Il sera donc accordé une provision de 2000 € au syndicat des copropriétaires à valoir sur l’indemnisation de ce préjudice.
Sur les demandes accessoires
Aux termes des dispositions des articles 696 et 700 du Code de procédure civile, la partie défaillante supporte la charge des dépens de l’instance et des frais irrépétibles, sous réserve de l’équité ou de la situation économique de la partie condamnée.
[I] [J] et [Z], [X] [J] née [B] , qui succombent à l’instance, seront condamnés solidairement à payer à le Syndicat des Copropriétaires de l’ensemble immobilier dénommé « [Adresse 1]», sis [Adresse 7], représenté par son syndic en exercice, la somme de 2000 € en application de l’article 700 du code de procédure civile et in solidum aux dépens de l’instance.
L’article 699 du Code de procédure civile dispose que « les avocats et avoués peuvent, dans les matières où leur ministère est obligatoire, demander que la condamnation aux dépens soit assortie à leur profit du droit de recouvrer directement contre la partie condamnée ceux des dépens dont ils ont fait l’avance sans avoir reçu provision ».
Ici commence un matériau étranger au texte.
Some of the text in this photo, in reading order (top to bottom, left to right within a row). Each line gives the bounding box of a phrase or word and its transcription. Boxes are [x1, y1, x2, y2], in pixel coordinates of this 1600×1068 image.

Il y a donc lieu d’autoriser la distraction des dépens au profit de l’avocat de la partie ayant obtenu gain de cause.
Il convient de rappeler que la présente ordonnance est, de plein droit, exécutoire par provision, de sorte qu’il n’est pas nécessaire d’ordonner l’exécution provisoire.
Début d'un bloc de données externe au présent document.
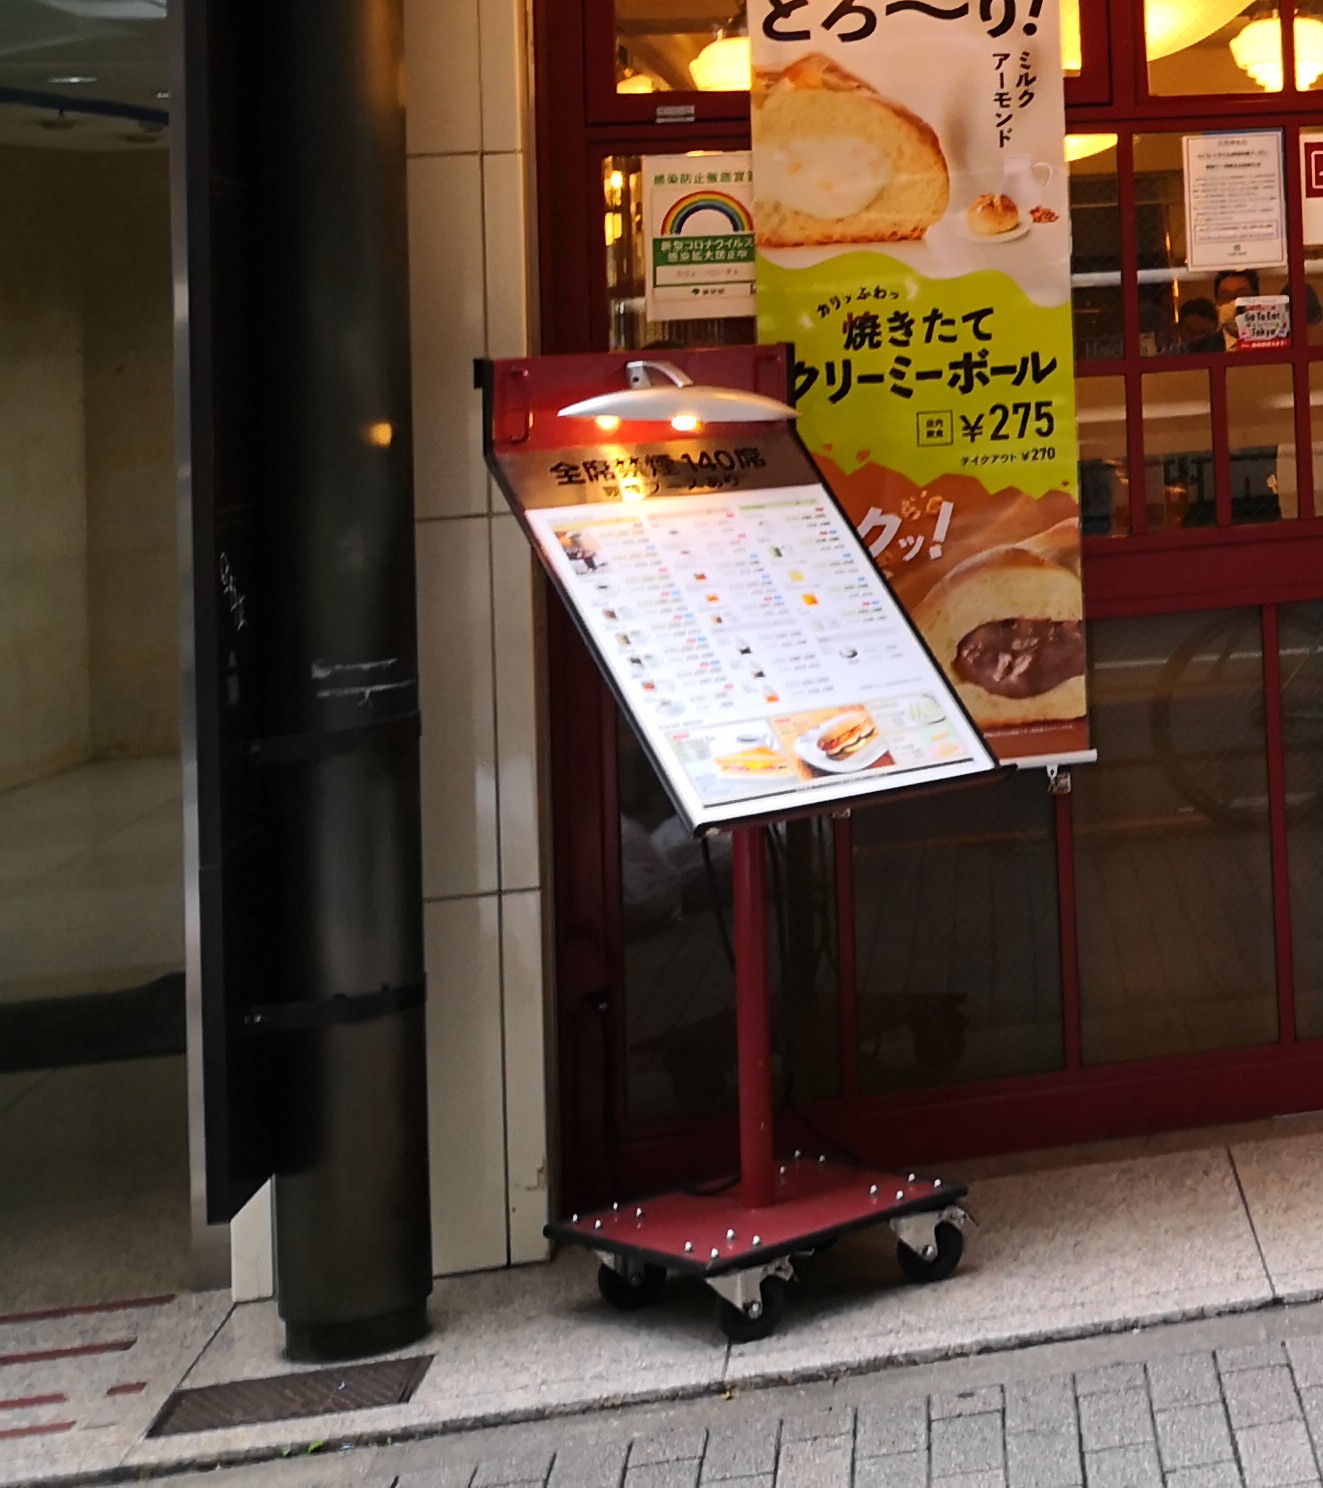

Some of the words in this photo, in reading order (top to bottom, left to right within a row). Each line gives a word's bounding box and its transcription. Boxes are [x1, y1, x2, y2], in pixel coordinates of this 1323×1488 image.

[992, 52, 1013, 148] アーモンド
[1016, 51, 1036, 108] ミルク
[661, 238, 754, 252] 新型コロナウイルス
[842, 307, 994, 351] 焼きたて
[794, 348, 1057, 404] クリーミーボール
[960, 401, 1054, 443] ¥275
[962, 454, 1017, 466] テイクアウト
[1022, 447, 1056, 462] ¥270
PAR CES MOTIFS, STATUANT PAR ORDONNANCE PRONONCÉE PAR MISE A DISPOSITION AU GREFFE, CONTRADICTOIRE ET EN PREMIER RESSORT,
ORDONNONS la jonction de la procédure enregistrée sous le n° de RG 25/4211 à celle enregistrée sous le n° de RG 24/3083, sous le dernier de ces numéros ;
ORDONNONS à [I] [J] et [Z], [X] [J] née [B] de remettre en état le jardinet, partie commune à usage privatif du lot 4, au sein de la [Adresse 11] [Adresse 1] sis [Adresse 12] [Localité 3], en :
Supprimant la piscine semi-enterrée, ainsi que tous ses installations et équipements (local technique, tuyauteries, pompes…), Détruisant la dalle réalisée sous cette piscine,Remettant en état le jardin en remblayant la partie excavée et la remettant à niveau, Et ce sous le contrôle du syndic et de l’architecte de la copropriété, et ce dans un délai de 4 mois à compter de la signification de la présente ordonnance ;
Faute d’exécution spontanée passé ce délai, CONDAMNONS in solidum [I] [J] et [Z], [X] [J] née [B] à payer à le Syndicat des Copropriétaires de l’ensemble immobilier dénommé « [Adresse 1]», sis [Adresse 7], représenté par son syndic en exercice, une astreinte provisoire de 100 € par jour de retard, et ce pendant 12 mois ;
REJETONS la demande tendant à nous voir réserver le contentieux de l’astreinte ;
REJETONS la demande de mise en peinture de la façade ;
CONDAMNONS [I] [J] et [Z], [X] [J] née [B] in solidum à payer à le Syndicat des Copropriétaires de l’ensemble immobilier dénommé « [Adresse 1]», sis [Adresse 7], représenté par son syndic en exercice, la somme de 2000 € à titre de prévisions à valoir sur ses préjudices ;
CONDAMNONS [I] [J] et [Z], [X] [J] née [B] solidairement à payer à le Syndicat des Copropriétaires de l’ensemble immobilier dénommé « [Adresse 1]», sis [Adresse 9] [Adresse 10], représenté par son syndic en exercice, la somme de 2000 € en application de l’article 700 du code de procédure civile ;
CONDAMNONS [I] [J] et [Z], [X] [J] née [B] in solidum aux dépens de l’instance en référé.
LE GREFFIER LE MAGISTRAT
LA RÉPUBLIQUE FRANÇAISE, AU NOM DU PEUPLE FRANÇAIS, MANDE ET ORDONNE à tous les Commissaires de justice sur ce requis, de mettre la présente décision à exécution, aux Procureurs Généraux près les [Localité 4] d’Appel et aux Procureurs de la République près les Tribunaux Judiciaires, d’y tenir la main, à tous Commandants et Officiers de la [Localité 5] Publique de prêter main forte lorsqu’ils en seront légalement requis.
En foi de quoi la présente décision, certifiée conforme à la minute a été signée, scellée et délivrée par le greffier soussigné.